Civilization advances, and at least the Western world has reached and moved past the point where survival is basically taken for granted. No wonder we now view behavior as unacceptable which would have been at most a minor offense just a century ago. If you look at it this way, decadence is actually a good thing.
It follows that moral values are indeed not absolutes. But this is also a good thing, actually, since it means we can improve ourselves further with each generation. Also, even with a relative scale of good and evil, there can still be fixed directions in morality.
Since my world view is build along these lines, I usually avoid the argument of evil when debating theists. Having good without evil seems meaningless to me. Isn’t that also an element of the story of Adam and Eve in the Garden of Eden? They had no knowledge of good and evil. I can’t blame Christians for accepting both good and evil as necessities. It just rings more true to me, while the idea of a god who would create only good doesn’t resonate nearly as well. Maybe Christians feel something similar, and it just rings more true to them, too. I wouldn’t know.
Now to the fun part: If Christians endorse something akin to this good-evil dualism (maybe without the relative scale bit), the same line of reasoning should apply at least equally well to the eating of your vegetables, if I may borrow your line. Is there actually a difference between eternal life and eternal death? Especially in light of how boring their heaven seems to be when they try to describe what it is like?
Sorry, I couldn’t resist that one. Seriously though — does the idea of life without the contrast to death actually make any sense?
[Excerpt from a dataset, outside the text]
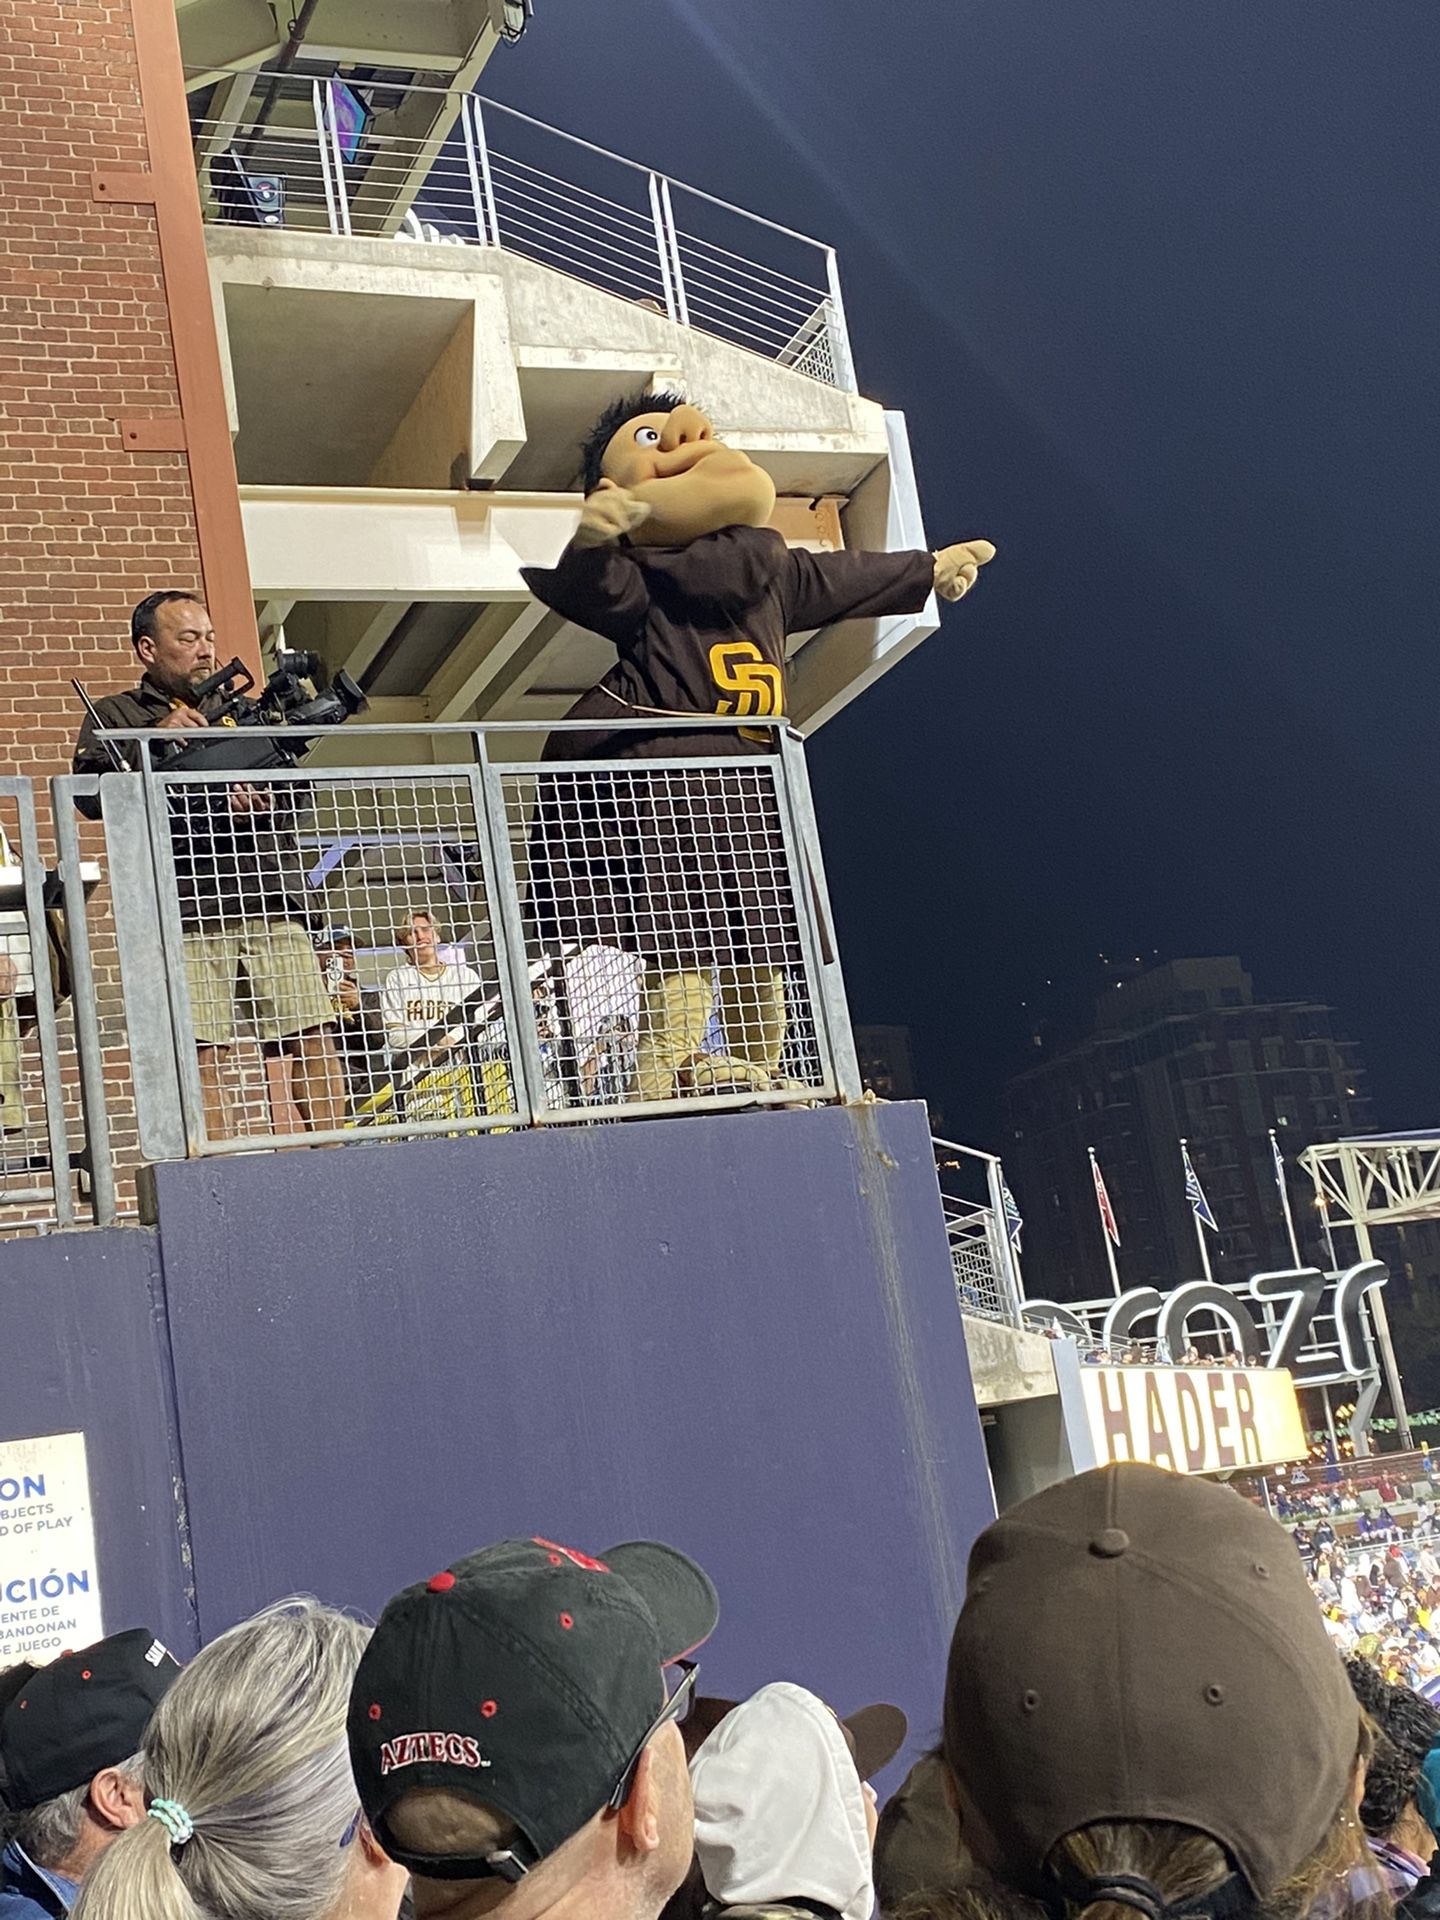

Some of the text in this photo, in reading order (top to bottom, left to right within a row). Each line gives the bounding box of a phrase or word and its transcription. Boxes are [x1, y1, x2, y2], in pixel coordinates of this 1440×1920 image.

In heaven, there is nothing left to do for you. Eternal stagnation. Christians, if am I misunderstanding the promise I’d be glad about the opportunity to learn.
Again, sorry for the length. I wish you luck.
1 But I swear I didn’t get this from pop culture.
2 Just to avoid any misunderstandings: I’m not an expert in physics, but merely a moderately interested layperson.
3 At this point I should probably point out that I’m from Germany. The situation may have been different in the US.